Extra Clients at No Extra Cost: Overcome Data Heterogeneity in Federated Learning with Filter Decomposition
Wei Chen, Qiang Qiu
TL;DR
This work tackles data heterogeneity in federated learning by introducing filter decomposition of convolutional layers into filter atoms $\boldsymbol{D}$ and atom coefficients $\boldsymbol{\alpha}$, enabling many latent local model variants without extra cost. Global aggregation becomes a reconstruction step after averaging $\boldsymbol{\alpha}$ and $\boldsymbol{D}$ separately, producing a global model $\boldsymbol{\theta}_{\boldsymbol{\phi}} = \boldsymbol{\alpha} \times \mathbf{D}$ that effectively expands the ensemble of participating clients.
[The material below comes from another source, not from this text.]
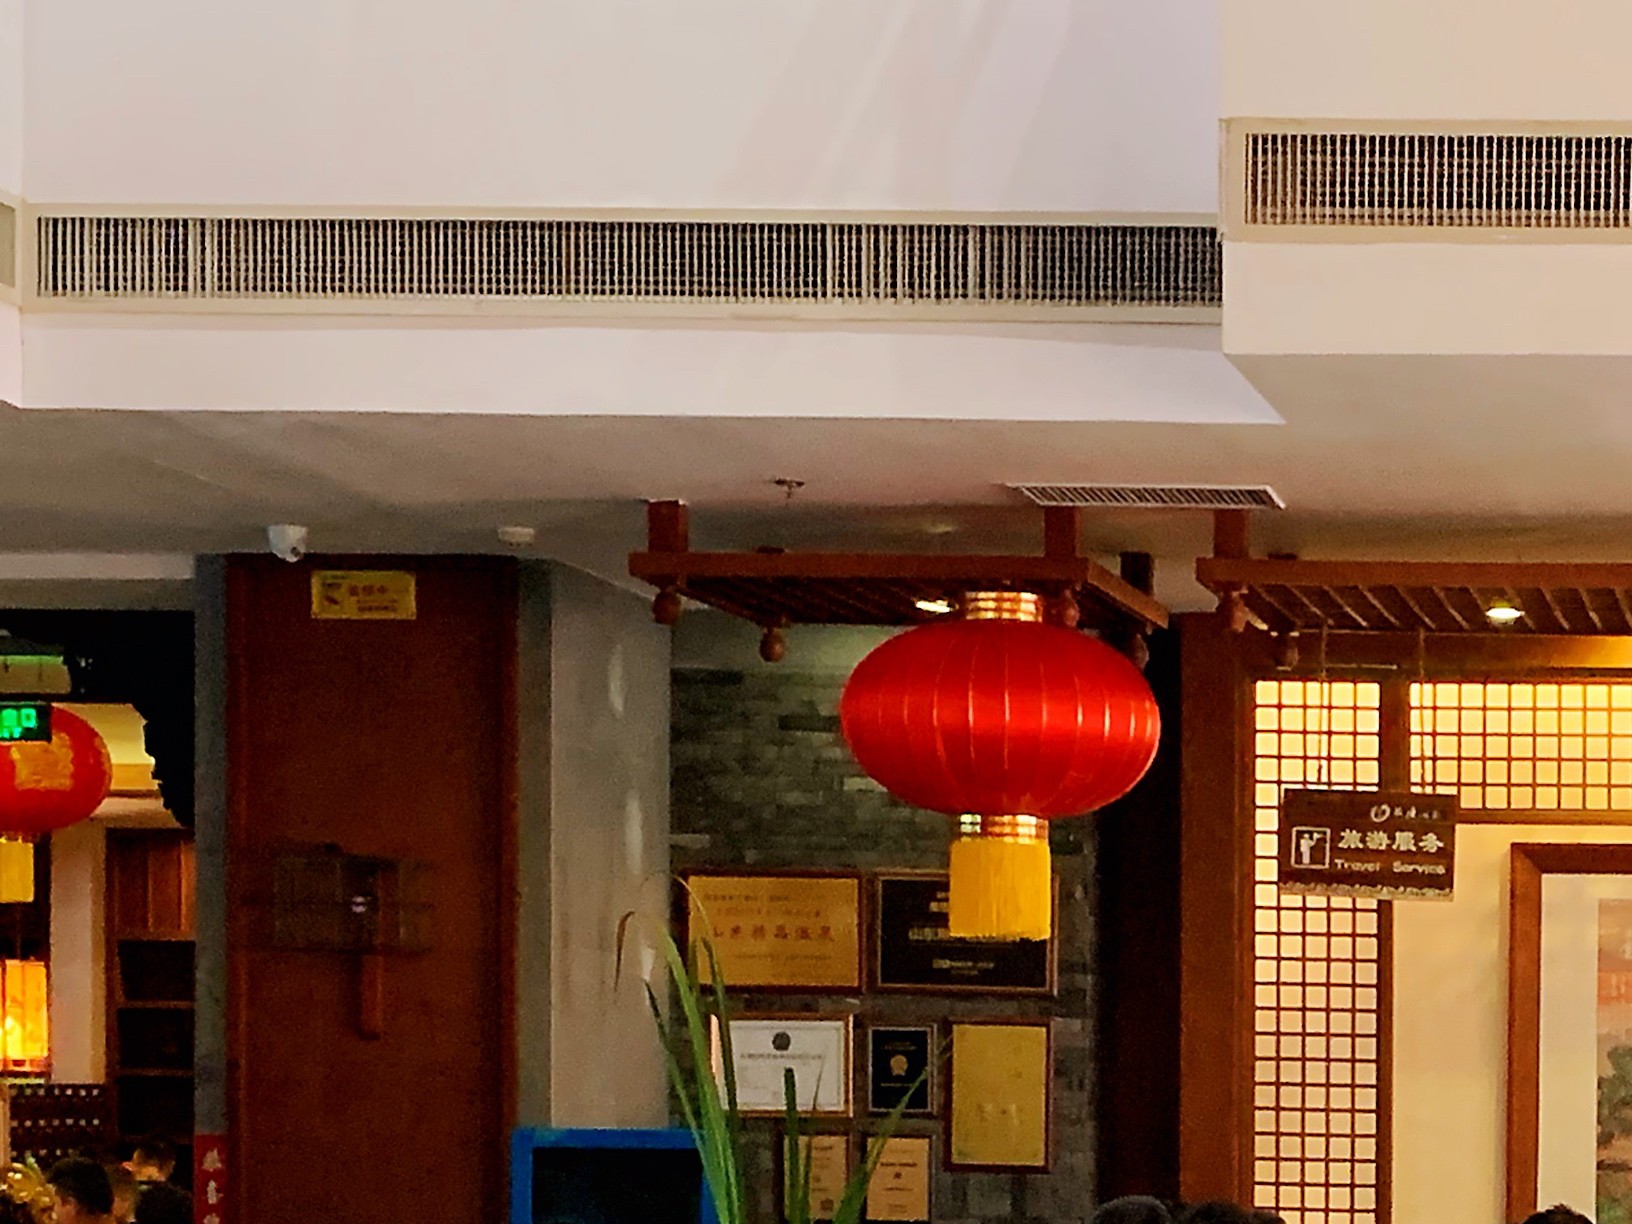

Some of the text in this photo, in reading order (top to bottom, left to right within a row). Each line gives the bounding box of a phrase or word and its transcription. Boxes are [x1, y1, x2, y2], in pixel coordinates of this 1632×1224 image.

The authors provide variance-reduction and convergence analyses and demonstrate consistent accuracy gains across FL baselines on CIFAR-10/100 and Tiny-ImageNet, along with improved personalization and communication efficiency via a fast/slow update scheme. The approach is straightforward to integrate with existing FL methods and offers flexible personalization and communication schedules, with notable improvements especially in challenging datasets like Tiny-ImageNet.
Abstract
Data heterogeneity is one of the major challenges in federated learning (FL), which results in substantial client variance and slow convergence. In this study, we propose a novel solution: decomposing a convolutional filter in FL into a linear combination of filter subspace elements, i.e., filter atoms. This simple technique transforms global filter aggregation in FL into aggregating filter atoms and their atom coefficients. The key advantage here involves mathematically generating numerous cross-terms by expanding the product of two weighted sums from filter atom and atom coefficient. These cross-terms effectively emulate many additional latent clients, significantly reducing model variance, which is validated by our theoretical analysis and empirical observation. Furthermore, our method permits different training schemes for filter atoms and atom coefficients for highly adaptive model personalization and communication efficiency. Empirical results on benchmark datasets demonstrate that our filter decomposition technique substantially improves the accuracy of FL methods, confirming its efficacy in addressing data heterogeneity.